Awesome

LAUG

LAUG is an open-source toolkit for Language understanding AUGmentation. It is an automatic method to approximate the natural perturbations to existing data. Augmented data could be used to conduct black-box robustness testing or enhancing training. [paper]

LAUG

Installation

Require python 3.6.

Clone this repository:

git clone https://github.com/thu-coai/LAUG.git

Install via pip:

cd LAUG
pip install -e .

Download data and models:

The data used in our paper and model parameters pre-trained by us are available at Link. Please download and place them into corresponding dir. For model parameters released by others, please refer to README.md under dirs of each augmentation method such as LAUG/aug/Speech_Recognition/README.md.

Augmentation Methods

Here are the 4 augmentation methods described in our paper. They are placed under LAUG/aug dir.

Word Perturbation (WP), at Word_Perturbation/ dir.
Text Paraphrasing (TP), at Text_Paraphrasing/dir.
Speech Recognition (SR), at Speech_Recognition/dir.
Speech Disfluency (SD), at Speech_Disfluency/dir.

Please see our paper and README.md in each augmentation method for detailed information.
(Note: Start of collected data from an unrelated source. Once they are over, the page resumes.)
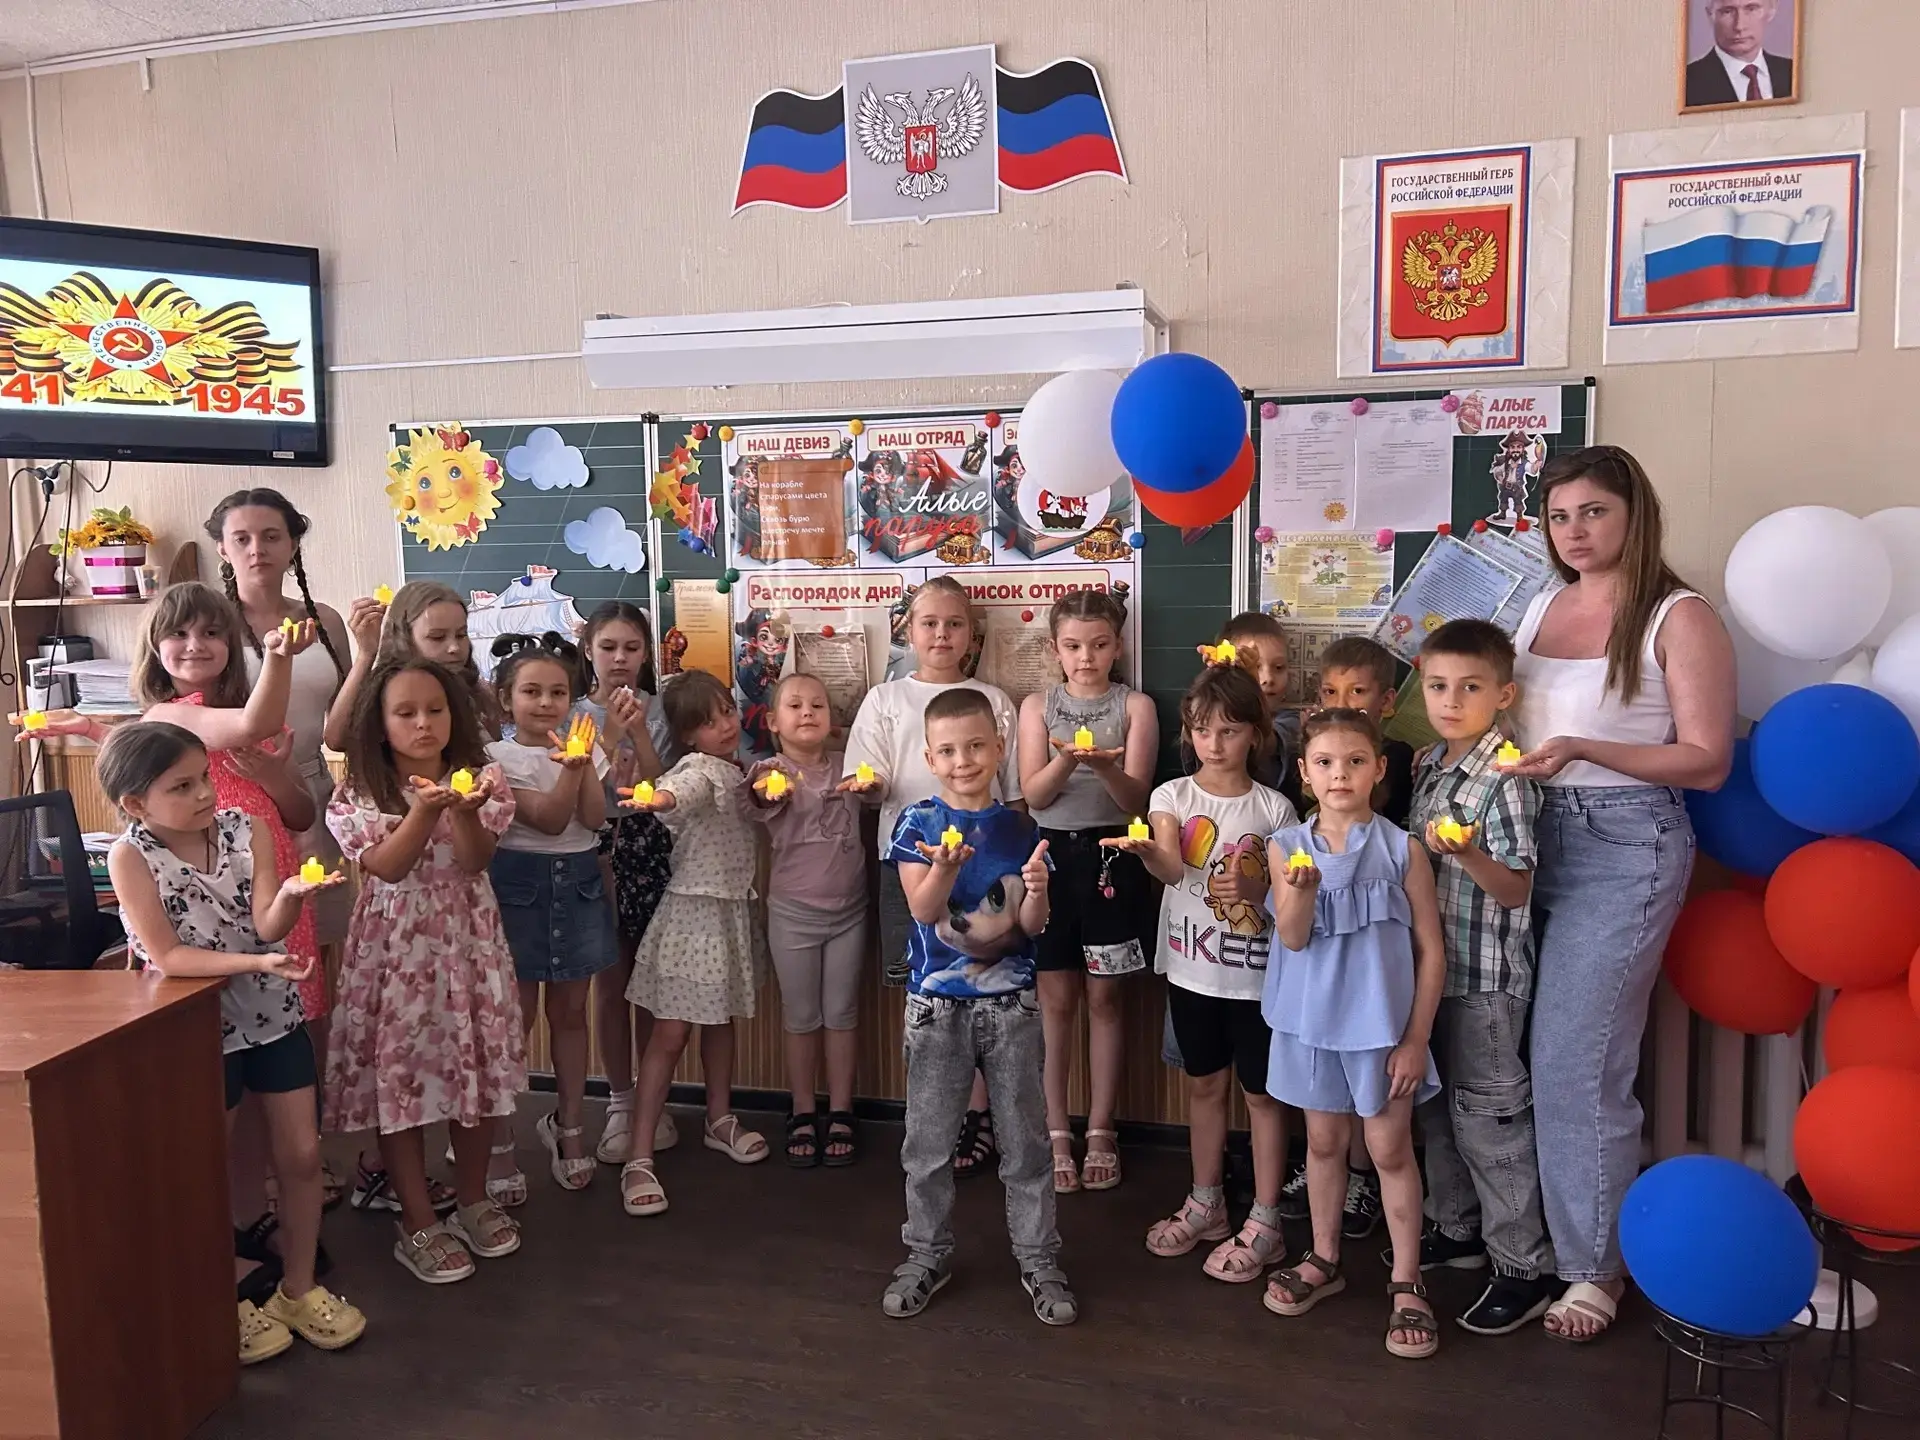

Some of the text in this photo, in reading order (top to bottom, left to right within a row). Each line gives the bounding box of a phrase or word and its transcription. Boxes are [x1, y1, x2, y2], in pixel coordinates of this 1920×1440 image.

[1391, 167, 1514, 188] ГОСУДАРСТВЕННЫЙ ГЕРБ
[1669, 172, 1802, 193] ГОСУДАРСТВЕННЫЙ ФЛАГ
[1390, 184, 1514, 203] РОССИЙСКОЙ ФЕДЕРАЦИИ
[1668, 188, 1803, 208] РОССИЙСКОЙ ФЕДЕРАЦИИ
[92, 320, 157, 365] ОТЕЧЕСТВЕННАЯ
[0, 373, 61, 406] 41
[186, 382, 306, 416] 1945
[1488, 397, 1536, 412] АЛЫЕ
[1485, 414, 1548, 430] ПАРУСА
[747, 436, 831, 453] НАШ ДЕВИЗ
[878, 430, 966, 447] НАШ ОТРЯД
[760, 480, 804, 490] На корабле
[898, 475, 988, 513] Алые
[804, 491, 828, 500] цвета
[788, 514, 810, 524] бурю
[800, 526, 826, 534] мечте
[864, 513, 983, 552] паруса
[750, 584, 902, 604] Распорядок дня
[962, 583, 1024, 600] писок
See demo.py for the usage of these augmentation methods.

python demo.py

Noting that our augmentation methods contains several neural models, pre-trained parameters need to be downloaded before use. Parameters pre-trained by us are available at Link. For parameters which released by others, please follow the instructions of each method.

Supported Datasets

The data used in our paper is available at Link . Please download it and place it data/ dir.

Our data contains 2 datasets: MultiWOZ and Frames, along with their augmented copies.

MultiWOZ
- Original data
  - We use MultiWOZ 2.3 as the original data. We place it at data/multiwoz/ dir.
  - Train/val/test size: 8434/999/1000 dialogs.
  - LICENSE:
- Augmented data
  - We have 4 augmented testsets :
    - WP (Word Perturbation), size: 1000, placed at data/multiwoz/WP.
    - TP (Text Paraphrasing), size: 1000, placed at data/multiwoz/TP.
    - SR (Speech Perturbation), size: 1000, placed at data/multiwoz/SR.
    - SD (Speech Disfluency), size: 1000, placed at data/multiwoz/SD.
  - We have 1 augmented training set :
    - Size : 16868 , Contains : 50%Original+(12.5%WP+12.5%TP+12.5%SR+12.5%SD) , placed at data/multiwoz/Enhanced.
- Real user evaluation data :
  - We collected 240 utterance from real users for our real user evaluation.
  - We place it at data/multiwoz/Real dir.
  - Please see our paper for detailed information about the statistics and collection of the real data.
Frames
- Original data
  - We proccess Frames into the same format as MultiWOZ and place it at data/Frames/ dir.
  - Train/val/test size: 1095/137/137 dialogs.
  - LICENSE:
- Augmented data
  - We have 4 augmented testsets :
    - WP (Word Perturbation), size: 137, placed at data/Frames/WP.
    - TP (Text Paraphrasing), size: 137, placed at data/Frames/TP.
    - SR (Speech Perturbation), size: 137, placed at data/Frames/SR.
    - SD (Speech Disfluency), size: 137, placed at data/Frames/SD.
  - We have 1 augmented training set :
    - Size : 2190 , Contains : 50%Original+(12.5%WP+12.5%TP+12.5%SR+12.5%SD) , placed at data/Frames/Enhanced.

NLU Models

We provide four base NLU models which are described in our paper:

MILU
BERT
CopyNet
GPT-2

These models are adapted from ConvLab-2. For more details, You can refer to README.md under LUAG/nlu/$model/$dataset dir such as LAUG/nlu/gpt/multiwoz/README.md.

Citing

If you use LAUG in your research, please cite:

@inproceedings{liu2021robustness,
    title={Robustness Testing of Language Understanding in Task-Oriented Dialog},
    author={Liu, Jiexi and Takanobu, Ryuichi and Wen, Jiaxin and Wan, Dazhen and Li, Hongguang and Nie, Weiran and Li, Cheng and Peng, Wei and Huang, Minlie},
    year={2021},
    booktitle={Proceedings of the 59th Annual Meeting of the Association for Computational Linguistics},
}

License

Apache License 2.0